▸ **Assigned task**: Return the records word for word. Any pictures in them are not part of the copy.

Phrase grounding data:
______________________________

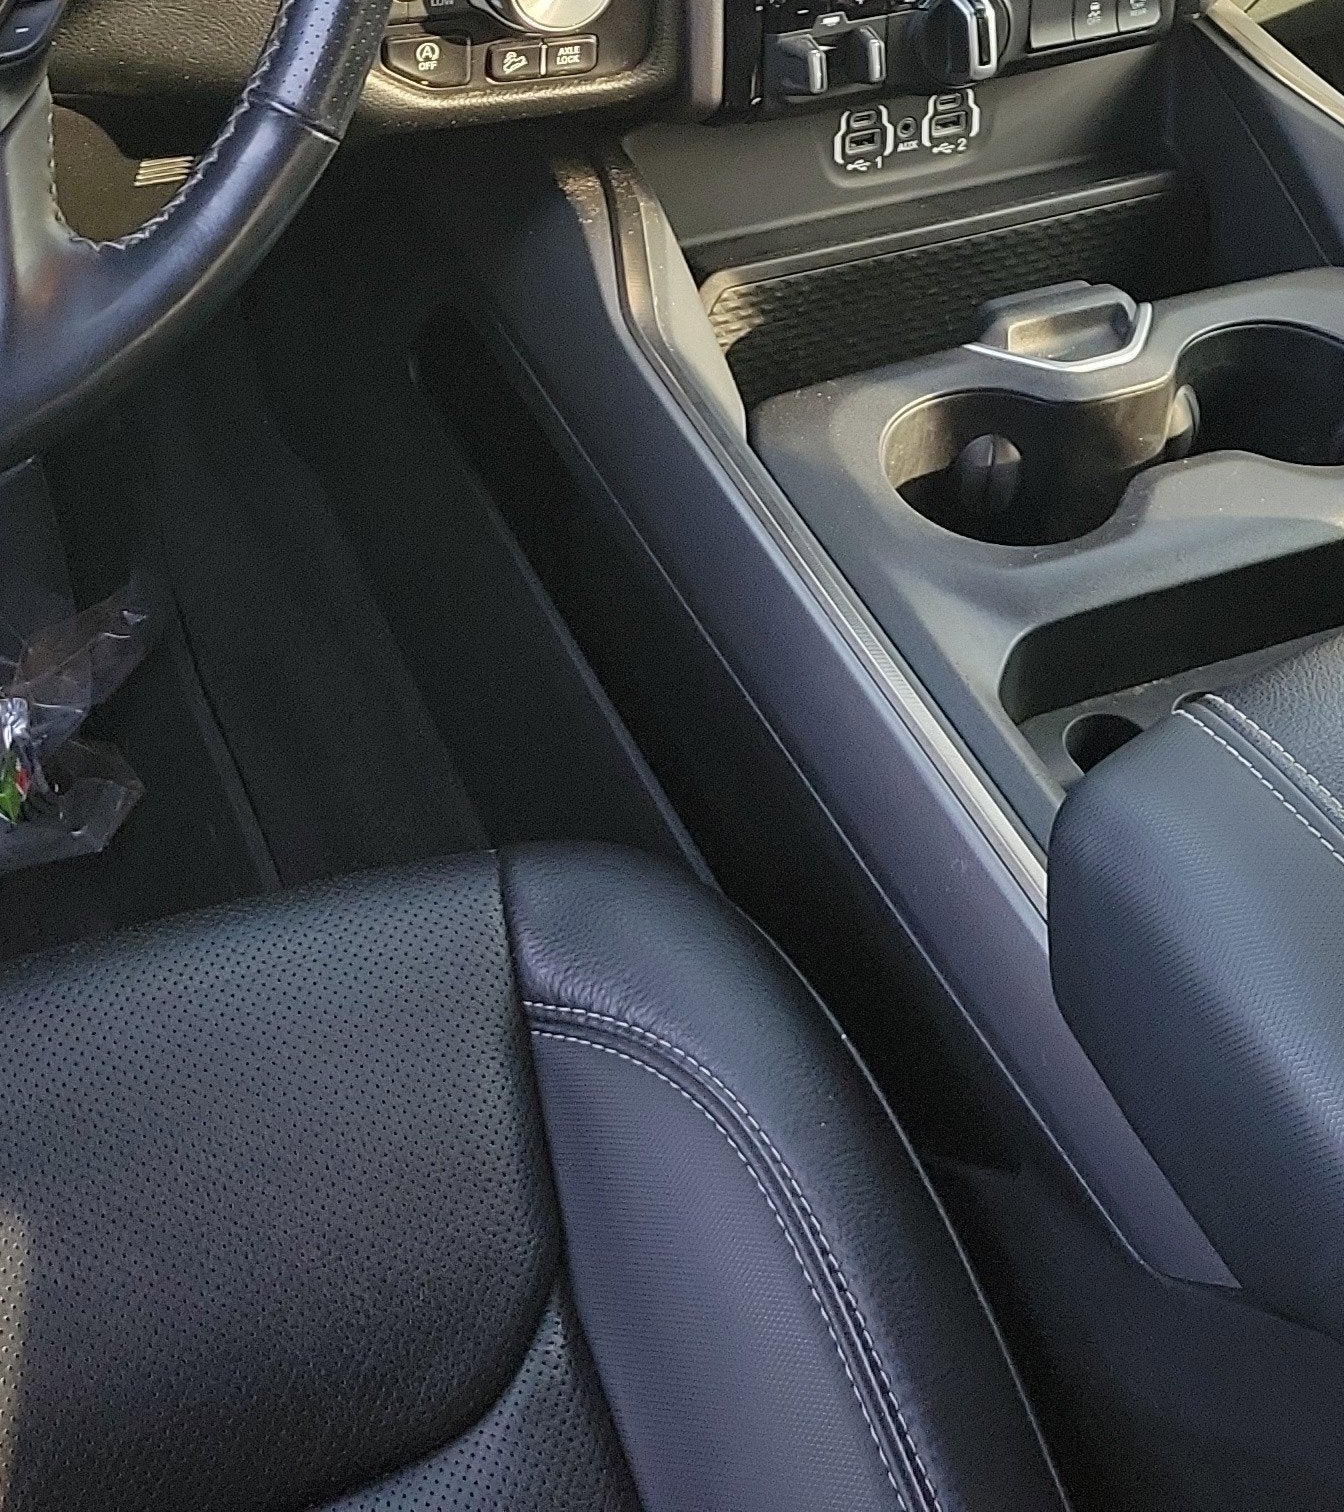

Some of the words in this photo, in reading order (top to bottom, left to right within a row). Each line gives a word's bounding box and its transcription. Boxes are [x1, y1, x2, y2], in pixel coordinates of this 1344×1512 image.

[558, 45, 582, 57] AXLE
[418, 60, 438, 71] OFF
[556, 54, 581, 66] LOCK
[896, 139, 919, 152] AUX
[956, 137, 967, 152] 2
[874, 155, 883, 169] 1

______________________________

▸ **Finished exercise**:
Some of the words in this photo, in reading order (top to bottom, left to right within a row). Each line gives a word's bounding box and its transcription. Boxes are [x1, y1, x2, y2], in pixel coordinates of this 1344×1512 image.

[558, 45, 582, 57] AXLE
[418, 60, 438, 71] OFF
[556, 54, 581, 66] LOCK
[896, 139, 919, 152] AUX
[956, 137, 967, 152] 2
[874, 155, 883, 169] 1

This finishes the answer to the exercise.